> **DATA EXTRACT**
========

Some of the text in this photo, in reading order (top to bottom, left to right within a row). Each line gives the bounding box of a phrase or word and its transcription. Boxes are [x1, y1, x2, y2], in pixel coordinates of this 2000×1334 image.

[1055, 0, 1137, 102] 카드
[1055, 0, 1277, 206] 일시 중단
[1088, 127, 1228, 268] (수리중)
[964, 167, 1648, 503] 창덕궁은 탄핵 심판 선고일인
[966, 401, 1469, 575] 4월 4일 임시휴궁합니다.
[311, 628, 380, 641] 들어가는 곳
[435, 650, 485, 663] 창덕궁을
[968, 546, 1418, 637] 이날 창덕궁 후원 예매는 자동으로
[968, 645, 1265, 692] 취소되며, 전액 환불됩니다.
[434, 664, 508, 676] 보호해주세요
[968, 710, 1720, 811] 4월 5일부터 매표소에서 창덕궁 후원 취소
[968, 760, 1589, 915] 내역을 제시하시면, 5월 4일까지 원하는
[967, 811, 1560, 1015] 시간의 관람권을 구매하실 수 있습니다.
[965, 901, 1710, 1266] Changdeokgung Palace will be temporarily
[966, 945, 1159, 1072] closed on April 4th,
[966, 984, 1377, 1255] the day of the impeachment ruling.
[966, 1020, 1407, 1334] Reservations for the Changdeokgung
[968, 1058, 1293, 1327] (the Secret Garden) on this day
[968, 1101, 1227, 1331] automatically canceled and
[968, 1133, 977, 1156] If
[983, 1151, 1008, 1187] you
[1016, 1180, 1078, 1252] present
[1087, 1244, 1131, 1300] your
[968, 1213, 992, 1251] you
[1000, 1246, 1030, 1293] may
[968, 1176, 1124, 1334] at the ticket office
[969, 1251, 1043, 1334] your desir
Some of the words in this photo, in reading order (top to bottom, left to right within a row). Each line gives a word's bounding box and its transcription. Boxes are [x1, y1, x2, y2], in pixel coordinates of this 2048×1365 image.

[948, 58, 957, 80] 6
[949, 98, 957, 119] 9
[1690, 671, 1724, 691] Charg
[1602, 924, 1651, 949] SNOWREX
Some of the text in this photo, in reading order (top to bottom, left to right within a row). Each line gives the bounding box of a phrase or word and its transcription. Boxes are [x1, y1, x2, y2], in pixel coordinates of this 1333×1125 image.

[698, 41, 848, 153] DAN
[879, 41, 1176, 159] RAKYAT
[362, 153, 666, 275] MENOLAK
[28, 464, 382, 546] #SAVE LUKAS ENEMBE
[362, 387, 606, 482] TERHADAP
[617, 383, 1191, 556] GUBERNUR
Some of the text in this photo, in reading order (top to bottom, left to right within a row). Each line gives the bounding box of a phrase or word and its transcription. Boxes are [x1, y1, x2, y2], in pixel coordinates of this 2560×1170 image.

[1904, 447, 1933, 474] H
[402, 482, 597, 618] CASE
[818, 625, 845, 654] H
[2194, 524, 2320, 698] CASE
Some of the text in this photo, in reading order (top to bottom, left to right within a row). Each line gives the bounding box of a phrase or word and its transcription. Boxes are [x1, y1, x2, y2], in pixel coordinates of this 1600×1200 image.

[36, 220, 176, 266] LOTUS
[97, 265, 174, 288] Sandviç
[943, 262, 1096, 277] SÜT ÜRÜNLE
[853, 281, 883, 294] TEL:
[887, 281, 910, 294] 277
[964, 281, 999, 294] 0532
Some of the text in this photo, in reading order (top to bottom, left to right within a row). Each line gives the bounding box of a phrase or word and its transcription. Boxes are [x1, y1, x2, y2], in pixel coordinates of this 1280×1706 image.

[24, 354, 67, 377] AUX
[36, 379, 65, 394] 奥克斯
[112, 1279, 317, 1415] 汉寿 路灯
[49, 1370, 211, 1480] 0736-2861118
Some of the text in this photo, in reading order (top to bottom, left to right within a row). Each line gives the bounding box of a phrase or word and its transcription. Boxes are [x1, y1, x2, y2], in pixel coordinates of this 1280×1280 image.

========

> **YOUR ASSIGNMENT**
Repeat each of the entries exactly.

> **SOLUTION FOR THIS TASK**
Some of the text in this photo, in reading order (top to bottom, left to right within a row). Each line gives the bounding box of a phrase or word and its transcription. Boxes are [x1, y1, x2, y2], in pixel coordinates of this 2000×1334 image.

[1055, 0, 1137, 102] 카드
[1055, 0, 1277, 206] 일시 중단
[1088, 127, 1228, 268] (수리중)
[964, 167, 1648, 503] 창덕궁은 탄핵 심판 선고일인
[966, 401, 1469, 575] 4월 4일 임시휴궁합니다.
[311, 628, 380, 641] 들어가는 곳
[435, 650, 485, 663] 창덕궁을
[968, 546, 1418, 637] 이날 창덕궁 후원 예매는 자동으로
[968, 645, 1265, 692] 취소되며, 전액 환불됩니다.
[434, 664, 508, 676] 보호해주세요
[968, 710, 1720, 811] 4월 5일부터 매표소에서 창덕궁 후원 취소
[968, 760, 1589, 915] 내역을 제시하시면, 5월 4일까지 원하는
[967, 811, 1560, 1015] 시간의 관람권을 구매하실 수 있습니다.
[965, 901, 1710, 1266] Changdeokgung Palace will be temporarily
[966, 945, 1159, 1072] closed on April 4th,
[966, 984, 1377, 1255] the day of the impeachment ruling.
[966, 1020, 1407, 1334] Reservations for the Changdeokgung
[968, 1058, 1293, 1327] (the Secret Garden) on this day
[968, 1101, 1227, 1331] automatically canceled and
[968, 1133, 977, 1156] If
[983, 1151, 1008, 1187] you
[1016, 1180, 1078, 1252] present
[1087, 1244, 1131, 1300] your
[968, 1213, 992, 1251] you
[1000, 1246, 1030, 1293] may
[968, 1176, 1124, 1334] at the ticket office
[969, 1251, 1043, 1334] your desir
Some of the words in this photo, in reading order (top to bottom, left to right within a row). Each line gives a word's bounding box and its transcription. Boxes are [x1, y1, x2, y2], in pixel coordinates of this 2048×1365 image.

[948, 58, 957, 80] 6
[949, 98, 957, 119] 9
[1690, 671, 1724, 691] Charg
[1602, 924, 1651, 949] SNOWREX
Some of the text in this photo, in reading order (top to bottom, left to right within a row). Each line gives the bounding box of a phrase or word and its transcription. Boxes are [x1, y1, x2, y2], in pixel coordinates of this 1333×1125 image.

[698, 41, 848, 153] DAN
[879, 41, 1176, 159] RAKYAT
[362, 153, 666, 275] MENOLAK
[28, 464, 382, 546] #SAVE LUKAS ENEMBE
[362, 387, 606, 482] TERHADAP
[617, 383, 1191, 556] GUBERNUR
Some of the text in this photo, in reading order (top to bottom, left to right within a row). Each line gives the bounding box of a phrase or word and its transcription. Boxes are [x1, y1, x2, y2], in pixel coordinates of this 2560×1170 image.

[1904, 447, 1933, 474] H
[402, 482, 597, 618] CASE
[818, 625, 845, 654] H
[2194, 524, 2320, 698] CASE
Some of the text in this photo, in reading order (top to bottom, left to right within a row). Each line gives the bounding box of a phrase or word and its transcription. Boxes are [x1, y1, x2, y2], in pixel coordinates of this 1600×1200 image.

[36, 220, 176, 266] LOTUS
[97, 265, 174, 288] Sandviç
[943, 262, 1096, 277] SÜT ÜRÜNLE
[853, 281, 883, 294] TEL:
[887, 281, 910, 294] 277
[964, 281, 999, 294] 0532
Some of the text in this photo, in reading order (top to bottom, left to right within a row). Each line gives the bounding box of a phrase or word and its transcription. Boxes are [x1, y1, x2, y2], in pixel coordinates of this 1280×1706 image.

[24, 354, 67, 377] AUX
[36, 379, 65, 394] 奥克斯
[112, 1279, 317, 1415] 汉寿 路灯
[49, 1370, 211, 1480] 0736-2861118
Some of the text in this photo, in reading order (top to bottom, left to right within a row). Each line gives the bounding box of a phrase or word and its transcription. Boxes are [x1, y1, x2, y2], in pixel coordinates of this 1280×1280 image.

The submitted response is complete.